• _Input data_
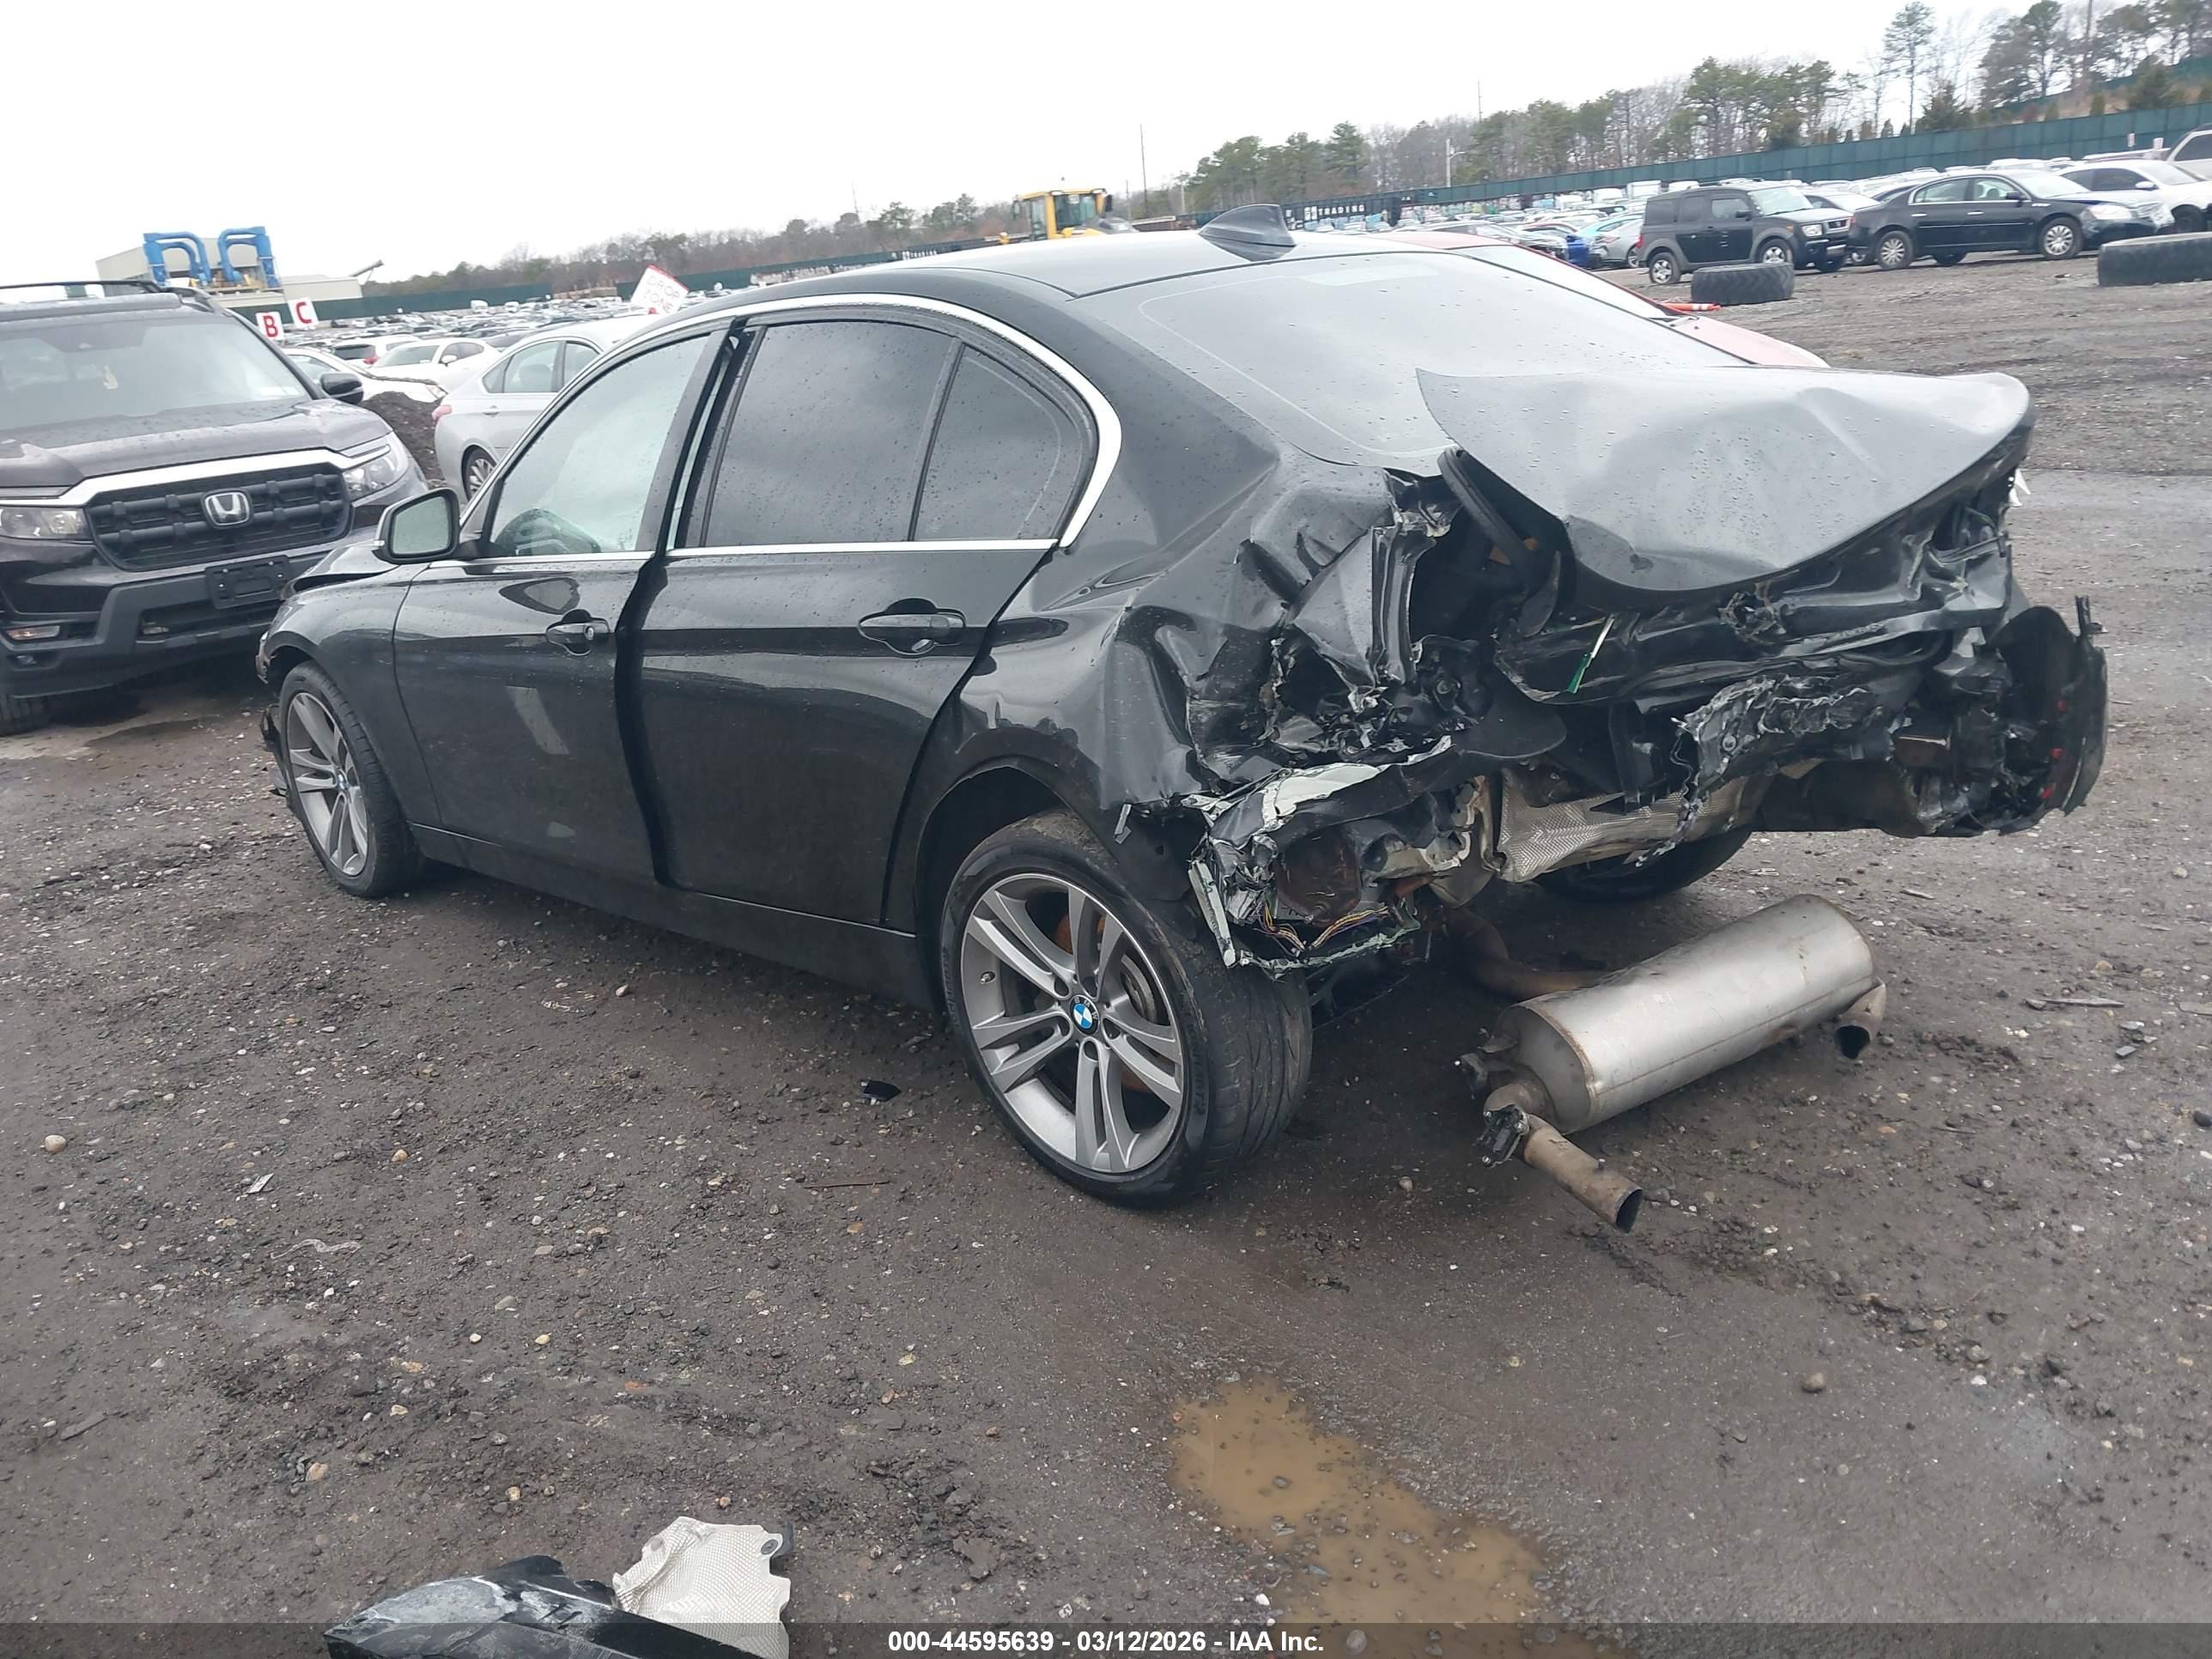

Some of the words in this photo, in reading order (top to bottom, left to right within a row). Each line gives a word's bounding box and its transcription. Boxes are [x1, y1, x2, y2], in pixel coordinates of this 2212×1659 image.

[1318, 204, 1364, 216] TRADING
[647, 275, 681, 300] DROP
[295, 301, 312, 324] C
[263, 315, 279, 338] B
[1074, 996, 1098, 1020] BMW

• _What to work on_
For this exercise, transcribe the entries verbatim and skip all pictures.

• _Response area_
Some of the words in this photo, in reading order (top to bottom, left to right within a row). Each line gives a word's bounding box and its transcription. Boxes are [x1, y1, x2, y2], in pixel coordinates of this 2212×1659 image.

[1318, 204, 1364, 216] TRADING
[647, 275, 681, 300] DROP
[295, 301, 312, 324] C
[263, 315, 279, 338] B
[1074, 996, 1098, 1020] BMW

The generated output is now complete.